The large groundwater basins adjacent to rivers are regions of special interests in the national economy and other human activities, for in them are found the main chemical, engineering and food industries, agriculture, urbanization, transport and other activities. Thirty-five or more years ago the demands for exploitation of alluvial basins adjacent to rivers for water supply as against the problems of groundwater resources protection were not as much in conflict as they are today. Hence interest in groundwater was directed mainly to the reclamation of agriculturally exploitable soils and the regulation of the water table in urban areas. There was no need to use strict measures for protection of the groundwater resources, and different kinds of industrial, agricultural and human pollution escaped attention.
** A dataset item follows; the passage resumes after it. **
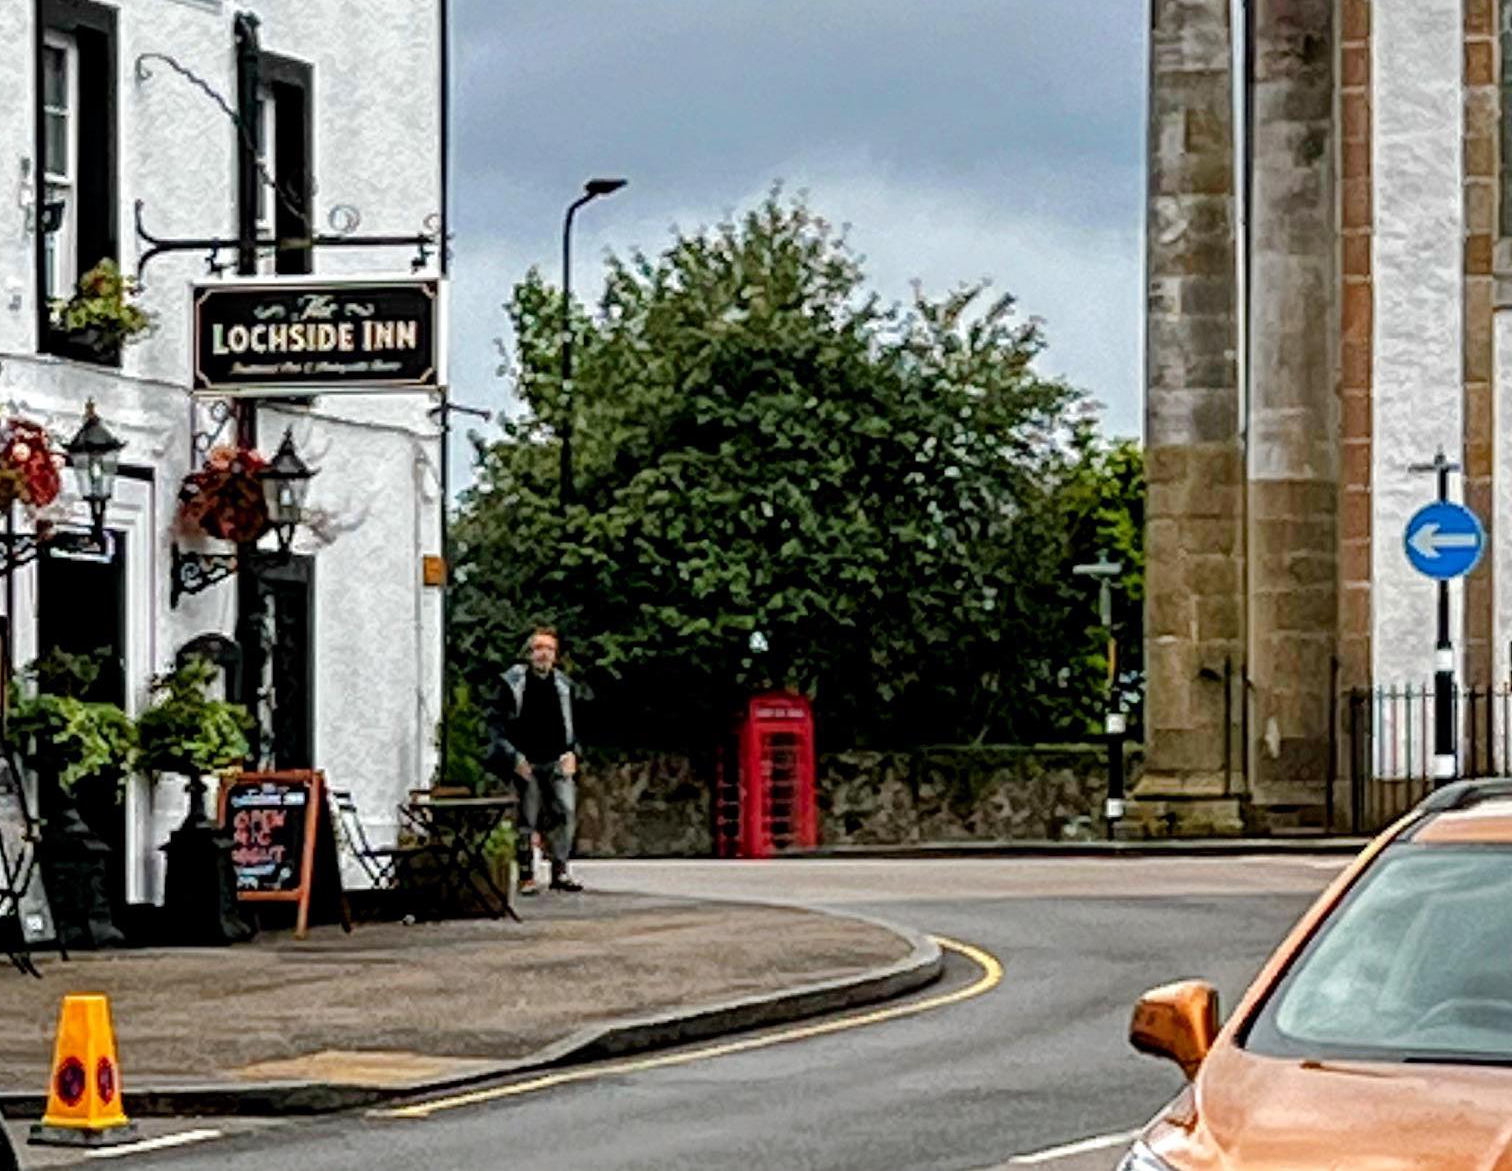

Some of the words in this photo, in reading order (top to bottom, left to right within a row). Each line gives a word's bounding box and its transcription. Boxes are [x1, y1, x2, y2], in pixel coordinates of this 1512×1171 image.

[290, 294, 338, 321] The
[212, 322, 354, 355] LOCHSIDE
[362, 321, 417, 352] INN
This situation has changed considerably over the past three decades. Development of the national economy and urbanization resulted in high demands for water supply from the alluvial basins, and groundwater became one of the basic sources. The most important problems facing hydrogeologists are those requiring detailed knowledge of the groundwater regime, the influence of human activity on this source of water, and its protection against pollution. Step by step a groundwater observation network was established: the hydrometeorlogical services were supplemented by the observation of all quantitative and qualitative

Groundwater in basins adjacent to large rivers

characteristics with the aim of analysing the dépendance of the groundwater regime on climatic factors and changes of the hydrological conditions (e.g. river discharge, reclaiming activity, etc.). Subsequent research was concentrated on hydrological and hydrogeological methods of analysis of the groundwater regime and methods of determining hydro-physical chacteristics of the aquifers including simulation methods (Hâlek, 1961). For studies of groundwater regime dynamics and its prediction, the mathematical theory of hydromechanics of flow through porous media was applied together with the utilization of efficient computing techniques. Different methods for physical and mathematical modelling were developed to solve the actual problems in complex natural conditions. It may be stated that the theoretical basis and applied methods of groundwater research are up to the present standards of scientific and technological development. Nevertheless, we are facing still more complicated problems as also is the case with surface water research. These problems usually originate more in the determination of the basic dynamic aquifer characteristics for the whole groundwater basin and the description of real natural conditions in mathematical terms, than in the limited possiblities of fully reliable physical and mathematical modelling of the groundwater regime under the influence of hydraulic and other structures. Keeping in mind the above-mentioned limitations, the usual way to produce a reliable prediction of the modified groundwater regime requires a combination of several methods as described in this paper.

THEORETICAL PRINCIPLES

Figure 1 shows a scheme of hydrological modelling of an area adjacent to the river under conditions of percolation or periodic percolation through the soil where the shallow groundwater in dry periods can take part in the evaporation from the soil surface or via evapo-transpiration by means of the capillary rise of water to the root zone. The direct evaporation of groundwater occurs only exceptionally in those cases when the water table rises to the soil surface. In the groundwater basins the depth of alluvial deposits varies from several metres up to several hundreds of metres. The depth of the impermeable subsoils also varies to a considerable extent so that in the large terrain depressions deep groundwater levels are found.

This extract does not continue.